Tree & Serpent: Early Buddhist Art in India
Named for two primary motifs in Buddhist art, the sacred bodhi tree and the protective snake, Tree & Serpent: Early Buddhist Art in India is the first publication to foreground devotional works produced in the Deccan from 200 BCE to 400 CE. Unlike traditional narratives, which focus on northern India (where the Buddha was born, taught, and died), this groundbreaking book presents Buddhist art from monastic sites in the south. Long neglected, this is among the earliest surviving bodies of Buddhist art, and among the most sublimely beautiful. An international team of researchers contributes new scholarship on the sculptural and devotional art associated with Buddhism, and masterpieces from recently excavated Buddhist sites are published here for the first time—including Kanaganahalli and Phanigiri, the most important new discoveries in a generation. With its exploration of Buddhism’s emergence in southern India, as well as of India’s deep commercial and cultural engagement with the Hellenized and Roman worlds, this definitive study expands our understanding of the origins of Buddhist art itself.
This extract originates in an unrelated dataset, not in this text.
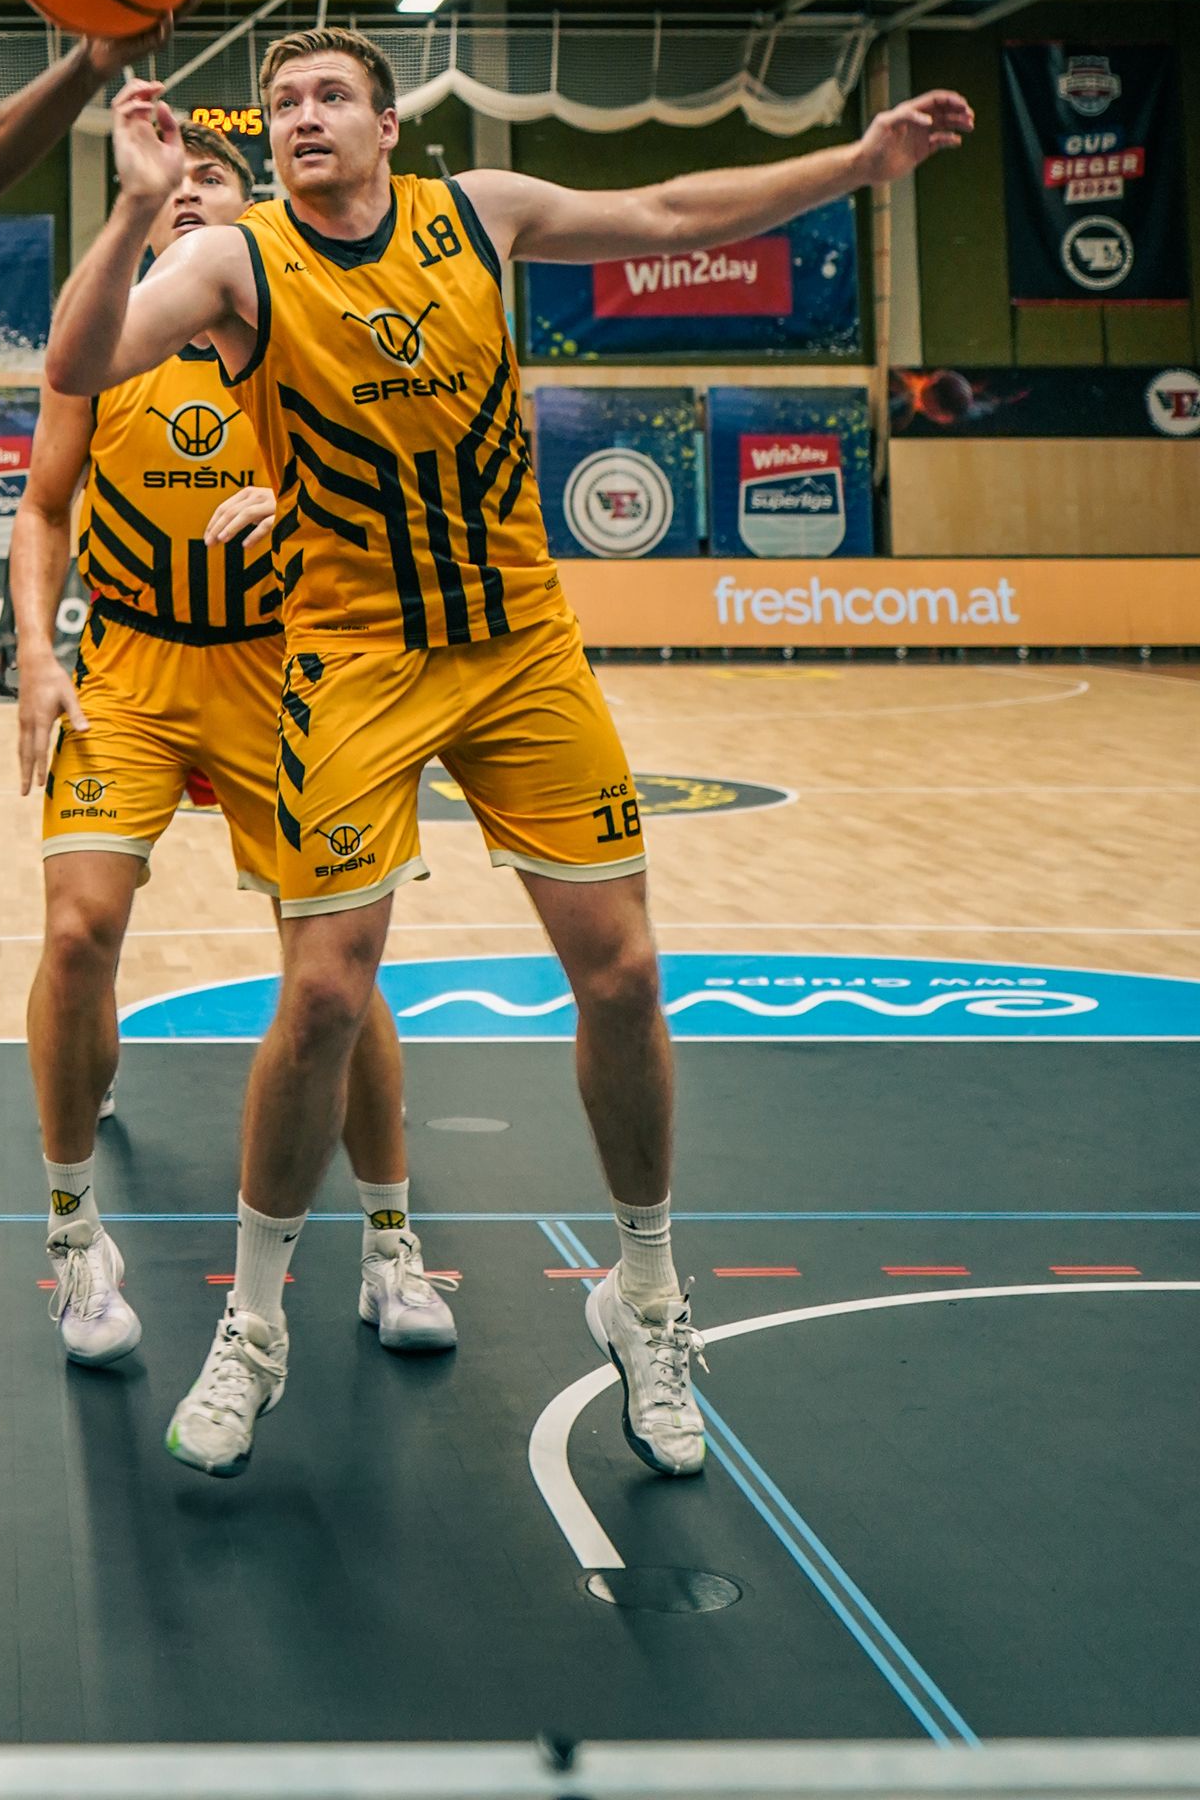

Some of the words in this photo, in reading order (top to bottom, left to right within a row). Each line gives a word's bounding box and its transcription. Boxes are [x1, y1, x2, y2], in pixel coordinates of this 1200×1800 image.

Contents: Preface. MAPS. BEGINNINGS OF BUDDHIST IMAGERY. 1. Early Buddhist Landscape of Southern India. CATALOGUE. RELICS, STUPAS, AND TEXTS. 2. Stupas, Footprints, and Imagination in Early Buddhism. 3. Stupas and the Cult of Relics. 4. Celebrating the Buddha in Early Southern India. CATALOGUE. MONASTIC BUDDHISM, COMMERCE, AND PATRONAGE. 5. The Business Side of a Buddhist Monastery. 6. Buddhist Patronage and Monastic Institutions in Andhra: Epigraphic Evidence. 7. Maritime Networks of Coastal Andhradesa. CATALOGUE. GLOBAL SETTING. 8. Rome and Its Connections with India. 9. Evoking the Buddha in Peninsular India, Sri Lanka and Southeast Asia. CATALOGUE. THE BUDDHA REVEALED. 10. The Development of Buddhist Image Worship in Early Andhradea. 11. Buddhist Narratives at Kanaganahalli. 12. The Buddhist Stone of Andhradesa. CATALOGUE. 13. Early India: Chronology and Key Events. 14. Gazetteer of Buddhist Sites, Principally in the Deccan.